Every record below should be repeated exactly. Omit the pictures.
===== INPUT RECORDS
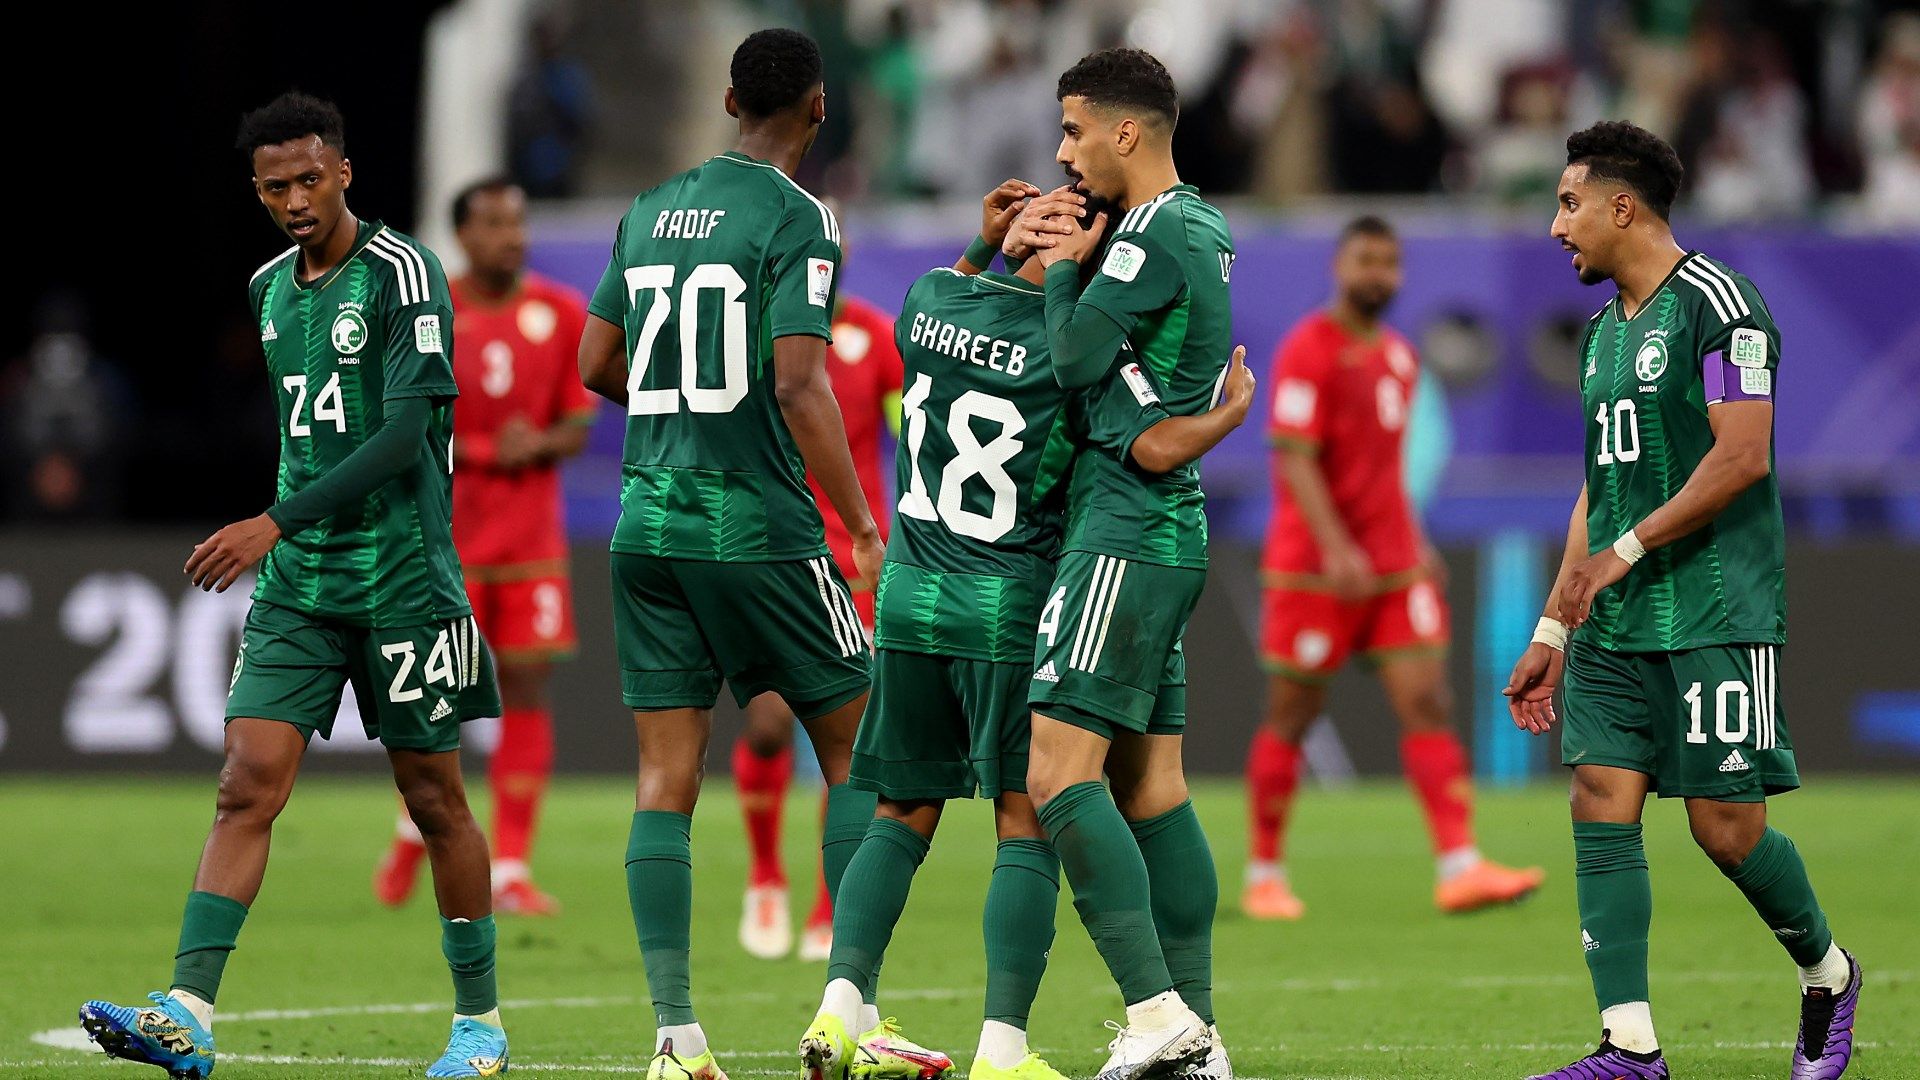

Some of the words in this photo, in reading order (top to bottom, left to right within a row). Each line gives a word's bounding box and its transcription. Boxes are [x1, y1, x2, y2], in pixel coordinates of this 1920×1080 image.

[652, 209, 726, 239] RADIF
[1117, 246, 1131, 255] AFC
[623, 263, 749, 416] 20
[910, 311, 1028, 377] GHAREEB
[1737, 341, 1762, 353] LIVE
[338, 357, 360, 365] SAUDI
[1745, 371, 1768, 380] LIVE
[283, 371, 346, 437] 24
[1638, 385, 1658, 393] SAUDI
[1595, 399, 1641, 465] 10
[898, 371, 1027, 543] 18
[1037, 585, 1067, 647] 4
[381, 629, 456, 703] 24
[1033, 672, 1060, 683] adidas
[429, 706, 453, 722] adidas
[1683, 680, 1750, 744] 10
[1718, 762, 1750, 772] adidas
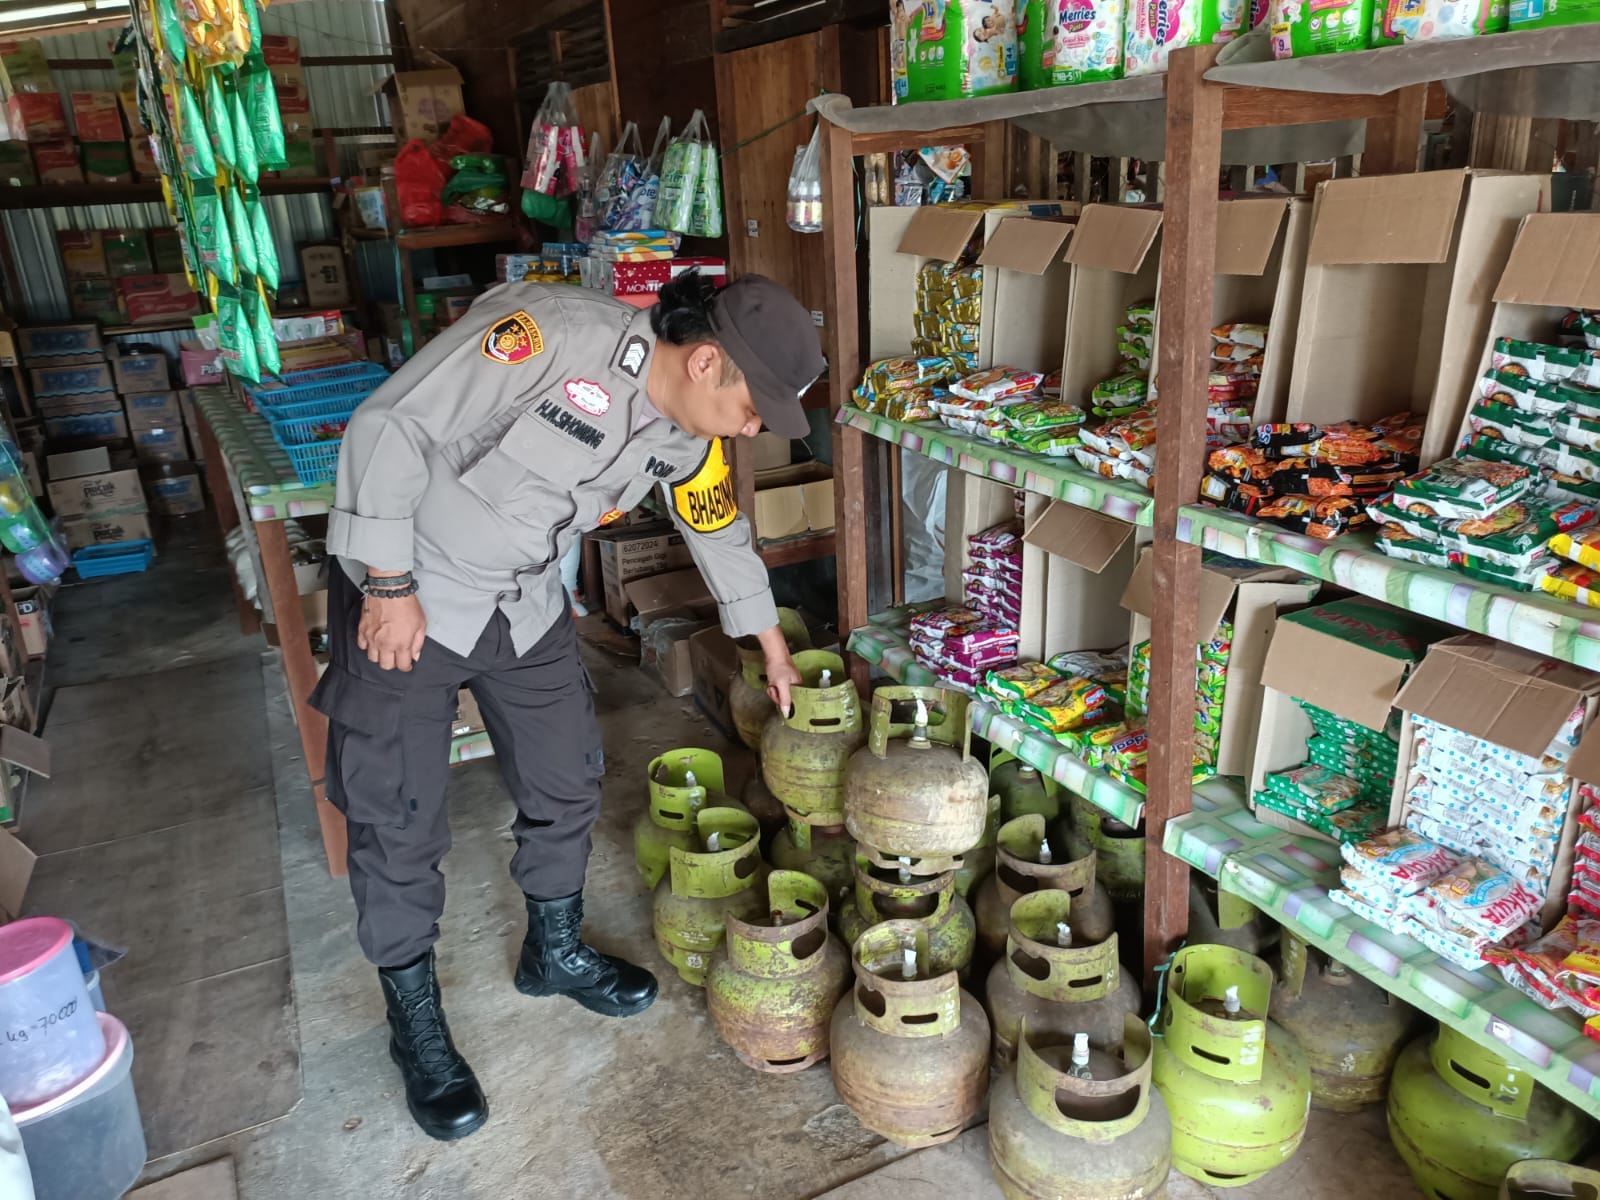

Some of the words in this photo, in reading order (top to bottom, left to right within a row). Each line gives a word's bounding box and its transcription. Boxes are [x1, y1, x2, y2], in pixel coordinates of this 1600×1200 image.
==========
**YOUR RESPONSE:**
Some of the words in this photo, in reading order (top to bottom, left to right within a row). Each line gives a word's bounding box and its transcription. Boxes are [x1, y1, x2, y2], in pixel coordinates of this 1920×1080 image.

[652, 209, 726, 239] RADIF
[1117, 246, 1131, 255] AFC
[623, 263, 749, 416] 20
[910, 311, 1028, 377] GHAREEB
[1737, 341, 1762, 353] LIVE
[338, 357, 360, 365] SAUDI
[1745, 371, 1768, 380] LIVE
[283, 371, 346, 437] 24
[1638, 385, 1658, 393] SAUDI
[1595, 399, 1641, 465] 10
[898, 371, 1027, 543] 18
[1037, 585, 1067, 647] 4
[381, 629, 456, 703] 24
[1033, 672, 1060, 683] adidas
[429, 706, 453, 722] adidas
[1683, 680, 1750, 744] 10
[1718, 762, 1750, 772] adidas

Some of the words in this photo, in reading order (top to bottom, left to right within a row). Each line gives a word's bounding box and its transcription. Boxes are [x1, y1, x2, y2], in pixel coordinates of this 1600×1200 image.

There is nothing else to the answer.